Billy has an obvious slouching posture, both when he enters the exam room and when he sits down. His knee exam reveals nothing except for some discomfort underneath the kneecap during a patellofemoral compression test, but his back exam reveals quite a bit: symptoms of spinal derangement in the lumbar and cervical spine with limited range of motion and a forward head position, poor thoracic spine mobility with poor rotation range of motion, atrophy and delayed contraction of his right low back multifidus, poor lumbopelvic stability, and poor balance with his eyes closed.
Billy’s step-down test also reveals femoral internal rotation with increased adduction and knee discomfort when he bends his knee while stepping down. His right hip abduction isometric strength is weaker on his injured side and he has right anterior hip impingement with poor and uncomfortable range of motion. Lastly, an x-ray reveals that he has mild patellar chondromalacia.
After explaining to Billy how his two injuries are connected, he understands their relationship and why manual therapy and corrective exercises are needed to get detrimental forces off his kneecap. His first treatment session includes manual therapy to the neck and thoracic and lumbar spine, followed by McKenzie extension exercises. This immediately decreases his low back discomfort and increases his spinal range of motion. Hip and patellar mobilizations are applied, eliminating the hip impingement while also improving range of motion.
Billy performs these exercises at home and continues to show improvement in symptoms and range of motion. A sitting hip stretch is added to his home exercise program.
Now that Billy has mobility, corrective strengthening exercises can start. First is the hip mini-band exercise progression. While applying sound postural cueing and exercise repetition, improved motor control quickly becomes apparent.
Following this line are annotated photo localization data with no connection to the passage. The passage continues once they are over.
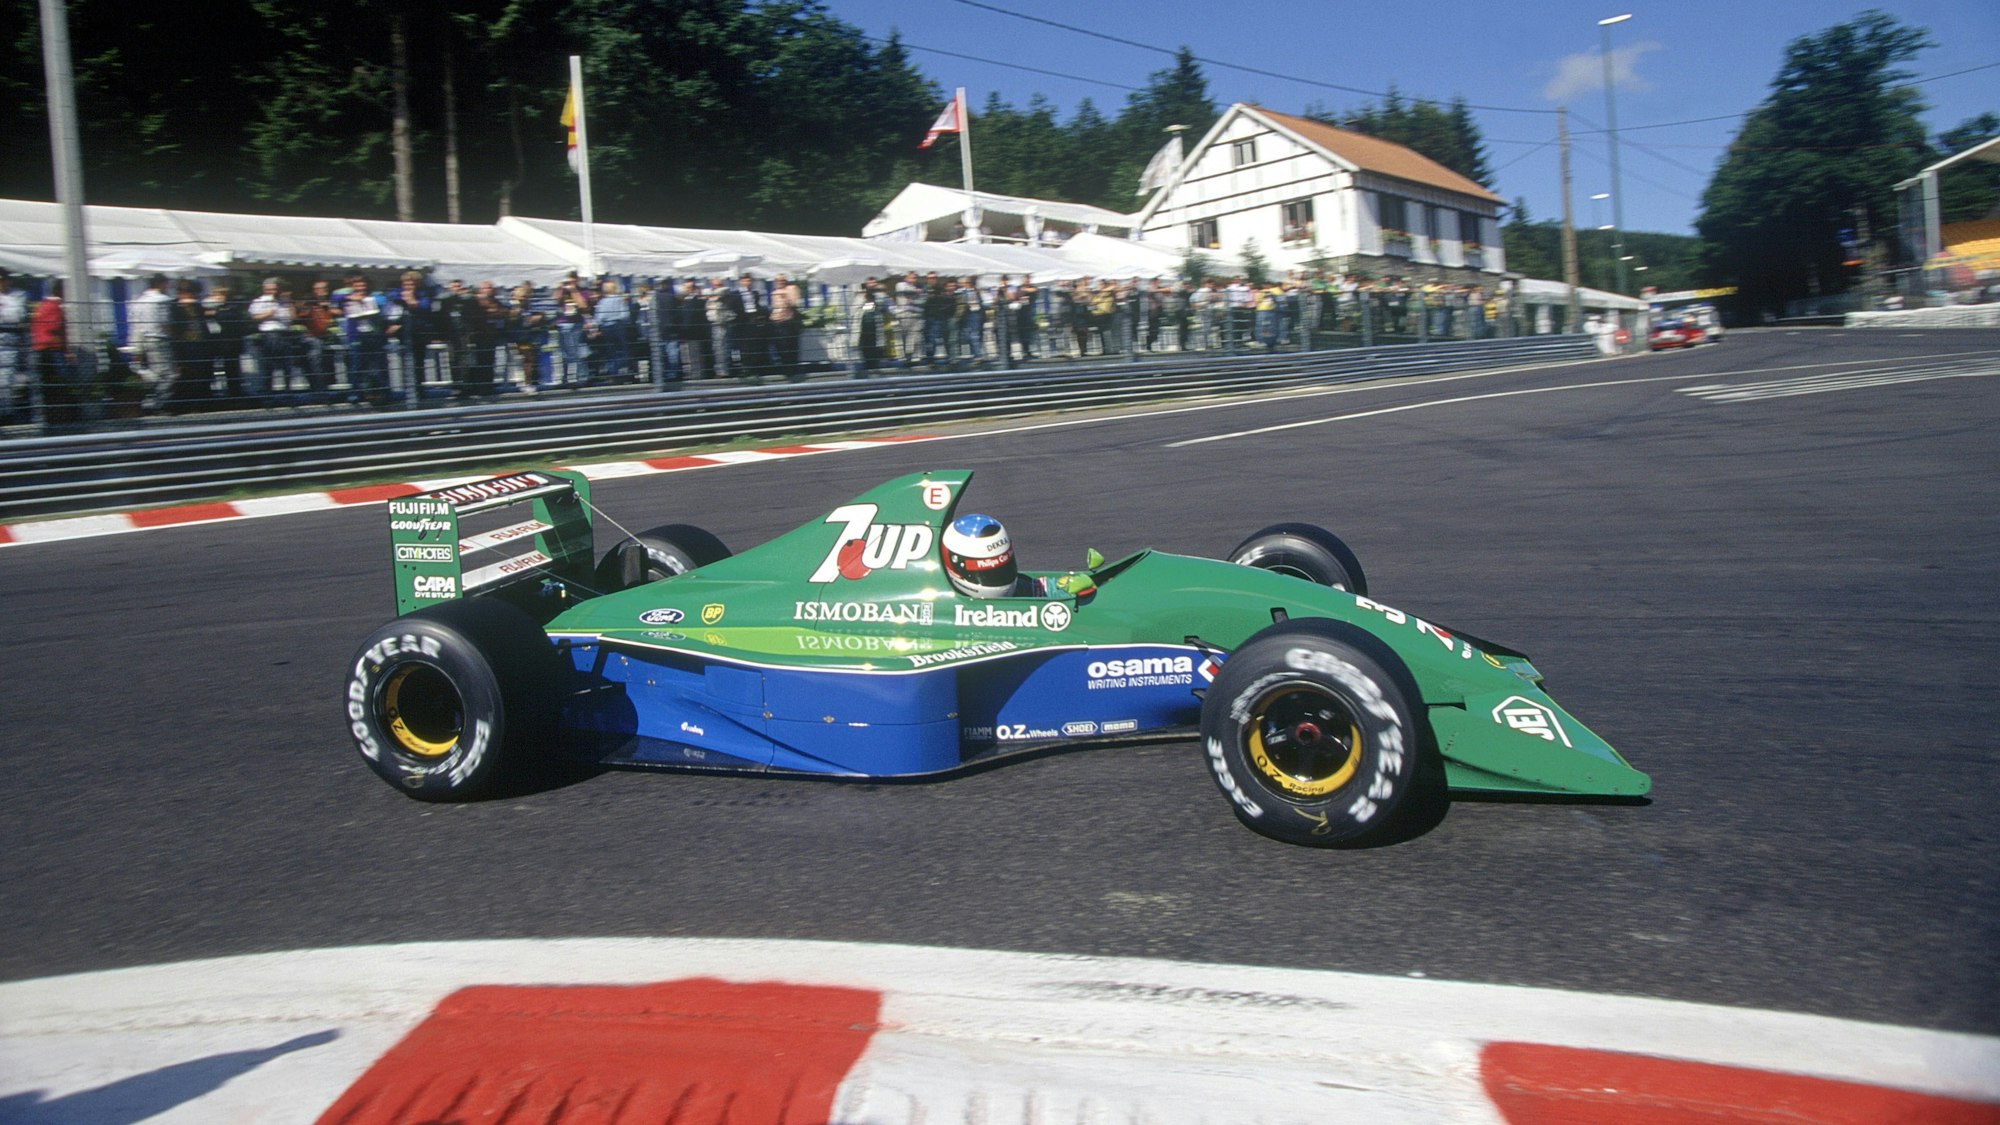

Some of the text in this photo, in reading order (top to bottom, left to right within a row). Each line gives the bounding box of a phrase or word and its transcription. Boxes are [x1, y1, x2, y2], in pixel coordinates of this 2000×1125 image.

[930, 487, 943, 505] E
[389, 502, 449, 515] FUJIFILM
[807, 503, 933, 583] 7UP
[413, 576, 456, 592] CAPA
[646, 610, 677, 622] Ford
[704, 607, 722, 619] BP
[793, 601, 920, 624] ISMOBAN
[954, 604, 1038, 628] Ireland
[908, 641, 1017, 667] Brooksfield
[1087, 656, 1192, 678] osama
[1088, 673, 1193, 690] WRITING INSTRUMENTS
[1067, 722, 1094, 733] SHOEI
After performing just 10 repetitions of the first exercise, his step-down test improves dramatically and does not cause discomfort.
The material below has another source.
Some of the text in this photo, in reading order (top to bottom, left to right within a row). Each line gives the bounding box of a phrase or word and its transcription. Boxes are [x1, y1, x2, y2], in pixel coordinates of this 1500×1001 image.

A home balance exercise program is explained and demonstrated, and Billy is taken to the swimming pool to start running in the deep end with a floatation belt around his waist. To his surprise, neither his knee nor back bother him after deep-water running for 30 minutes. It is brought to his attention that when he started running in the pool he showed limited stride-length on his right side, exhibiting running movement dysfunction. Billy quickly learns how to correct it and expresses that he feels more normal running this way.
Consecutive treatment sessions continue for manual mobilizations as needed, and his corrective exercises are progressed as tolerated. Kinetic Integrations trunk stabilization exercises are also applied prior to his return to the field. Seven weeks after he first came in for his knee pain, Billy is back to his old self and playing better than ever.